Il regime non poteva escludere Reinaldo per questioni politiche dalla nazionale. Ma la società brasiliana dell’epoca era disposta ad accettare un esilio per questioni sociali. Telé Santana – nonostante tutto un allenatore consapevole della sua posizione politica e anche lui un riconosciuto omofobo – credeva che convocare Reinaldo sarebbe stato più un problema che una soluzione alla mancanza di gol del Brasile.

Il Mondiale negato
A inizio 1981 Santana si convinse nonostante tutto a provarlo nelle partite di qualificazione per Spagna 1982 e nel maggio di quell’anno Reinaldo segnò uno dei gol della vittoria del Brasile contro la Francia di Platini al Parco dei Principi. Fu la prima partita di preparazione per i Mondiali di Spagna. La sua esibizione fu applaudita in Francia e il Brasile di Sócrates, Falcão, Toninho e Zico era, allora, anche il Brasile di Reinaldo. Nessuno dubitava che fossero i massimi favoriti per il titolo mondiale. Soprattutto perché al talento del centrocampo univano finalmente un vero killer d’area.

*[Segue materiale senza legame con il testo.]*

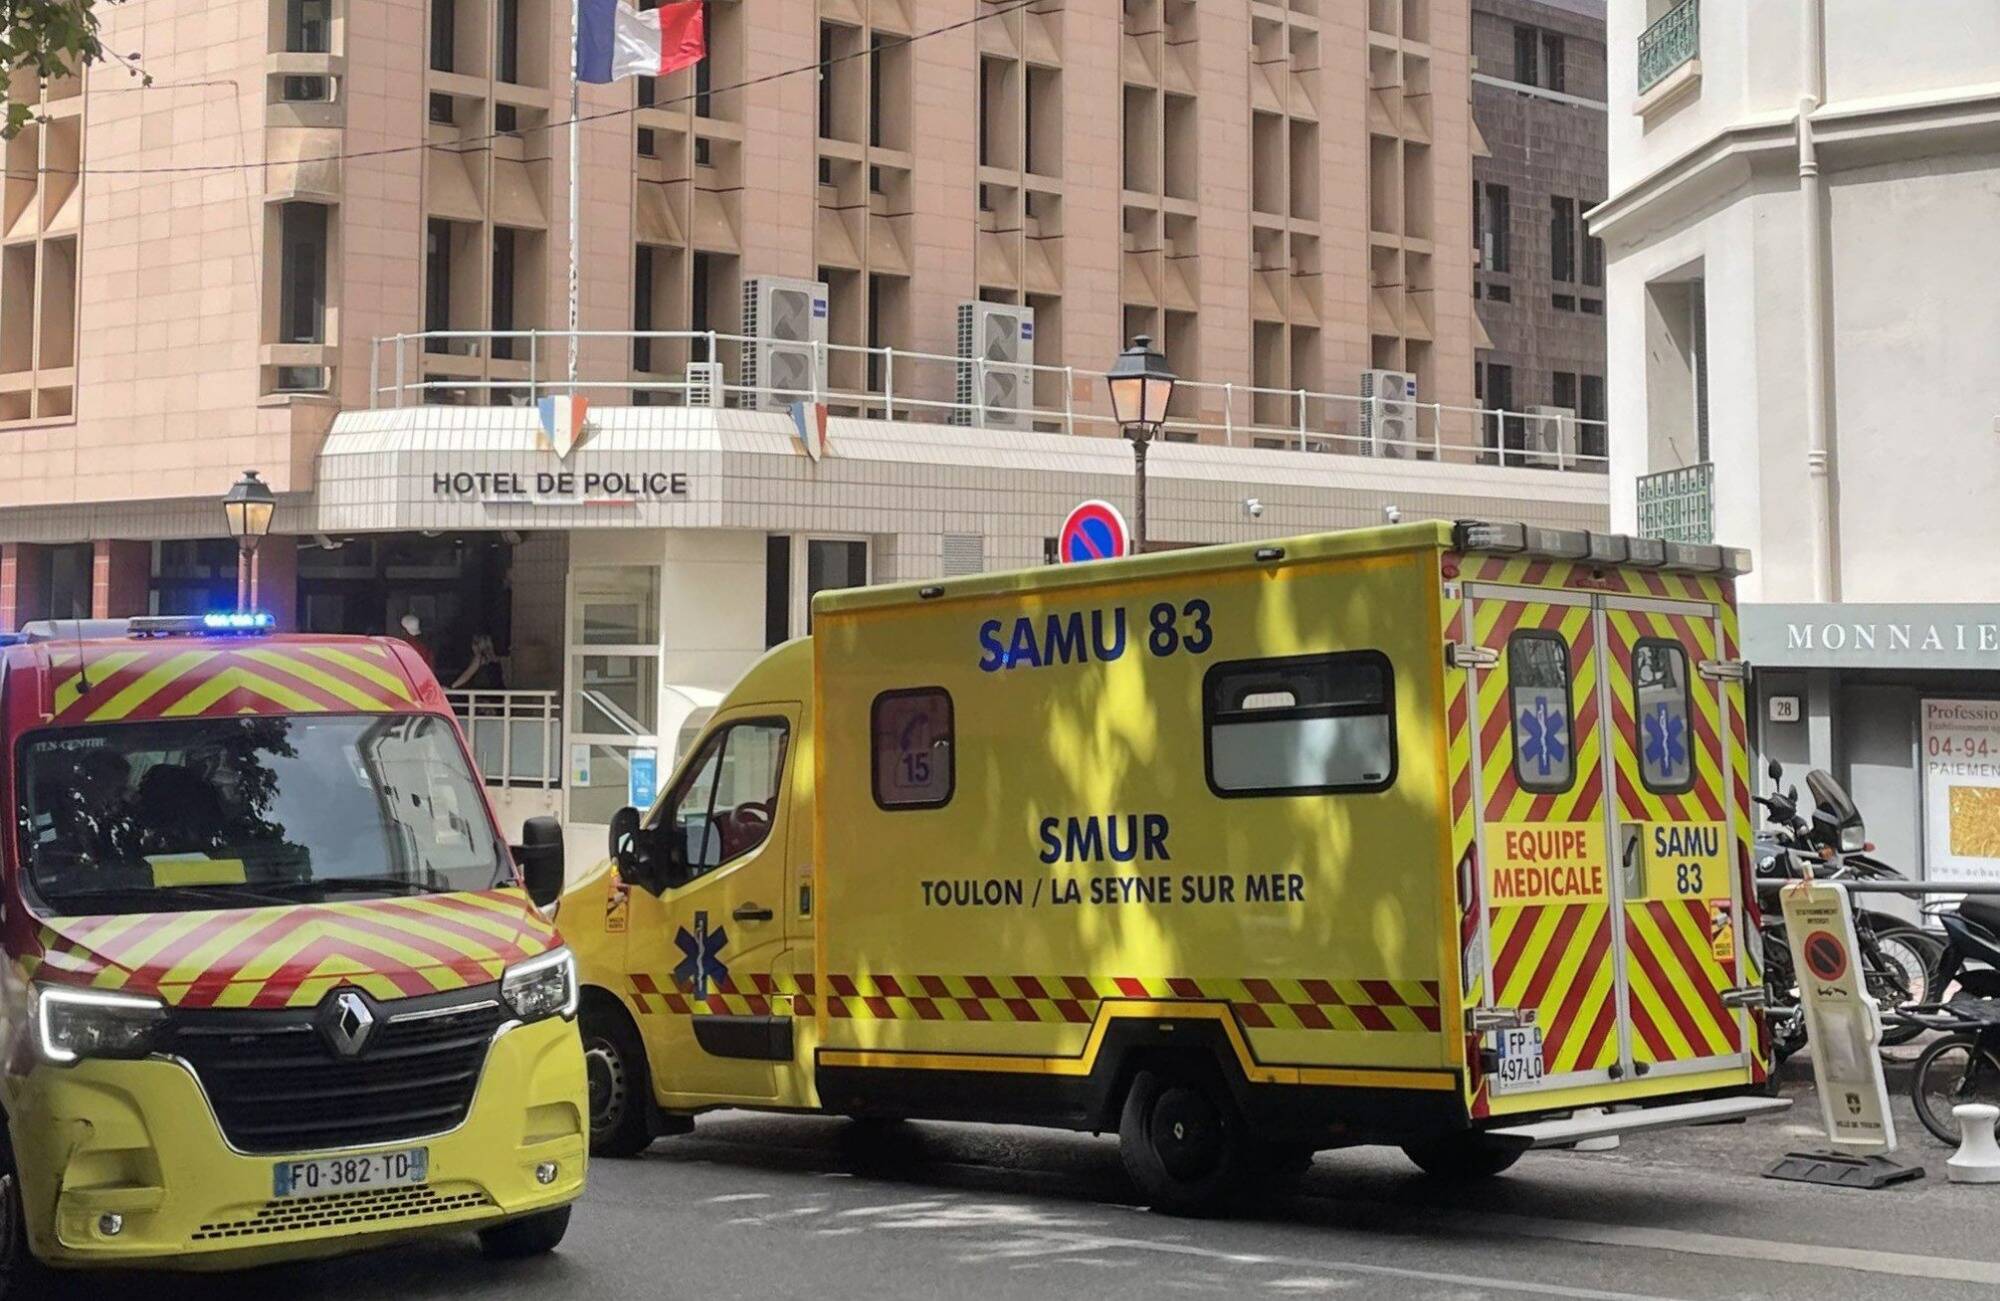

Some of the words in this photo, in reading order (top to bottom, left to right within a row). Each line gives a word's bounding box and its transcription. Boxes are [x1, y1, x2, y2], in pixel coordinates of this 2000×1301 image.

[433, 472, 526, 494] HOTEL
[537, 472, 574, 494] DE
[584, 472, 687, 494] POLICE
[978, 607, 1126, 673] SAMU
[1149, 598, 1213, 657] 83
[1787, 623, 2000, 650] MONNAIE
[1777, 702, 1792, 716] 28
[903, 752, 930, 783] 15
[1039, 813, 1170, 864] SMUR
[1506, 830, 1587, 863] EQUIPE
[1655, 826, 1718, 858] SAMU
[921, 879, 1022, 906] TOULON
[1031, 878, 1043, 908] /
[1051, 878, 1082, 904] LA
[1090, 876, 1172, 903] SEYNE
[1181, 874, 1235, 902] SUR
[1245, 873, 1305, 902] MER
[1494, 866, 1603, 898] MEDICALE
[1676, 863, 1703, 894] 83

Ma quella fu l’ultima partita di Reinaldo con la maglia canarinha per tre anni. Nel marzo successivo, Telé Santana iniziò a dichiarare pubblicamente di essere preoccupato per le condizioni fisiche di Reinaldo. Con Careca e Roberto Dinamite, ancora una volta infortunati, la situazione era drammatica. Ma l’infortunio era fittizio, come Reinaldo dimostrava giocando e segnando per l’Atlético nel campionato mineiro.
Quando fu divulgata la convocazione ufficiale, come molti temevano, Reinaldo non era tra gli eletti. La spettacolare prima fase sembrava dare ragione a Santana. Ma le partite contro Argentina e Italia lasciarono chiaro che l’assenza di Reinaldo era stata decisiva per la precoce eliminazione della migliore squadra del torneo.
Il prezzo della libertà

Quando Santana abbandonò la nazionale, sostituito da Edu Antunes, Reinaldo tornò ad essere convocato. Aveva ancora 27 anni e una parte importante della sua carriera davanti a sé. Ma gli infortuni alle ginocchia operate ancora nella sua adolescenza si fecero sentire troppo presto. L’attaccante disputò solo altre cinque partite internazionali.
E nel 1985, con il ritorno di Santana in vista dei Mondiali 1986, il “Re di Minas” smise definitivamente di far parte dei convocati. Nello stesso anno abbandonò il club che aveva rappresentato dai 15 anni per iniziare un breve tour tra Palmeiras, Rio Negro e Cruzeiro, per finire al Telstar olandese. Nel 1988, a 31 anni, la carriera del goleador brasiliano più efficace della sua generazione giunse bruscamente al termine.
Reinaldo abbandonò l’Europa e tornò in un Brasile diverso, dove il regime democratico iniziava a consolidarsi dopo decenni di dittatura militare. Era la società libera per la quale aveva lottato. Una lotta che gli era costata molto a livello professionale. Il prezzo che il Brasile pagò fu molto più caro: con lui forse la storia del calcio sarebbe stata diversa e quei novanta minuti di Barcellona non sarebbero esistiti se non nei peggiori incubi dei tifosi brasiliani.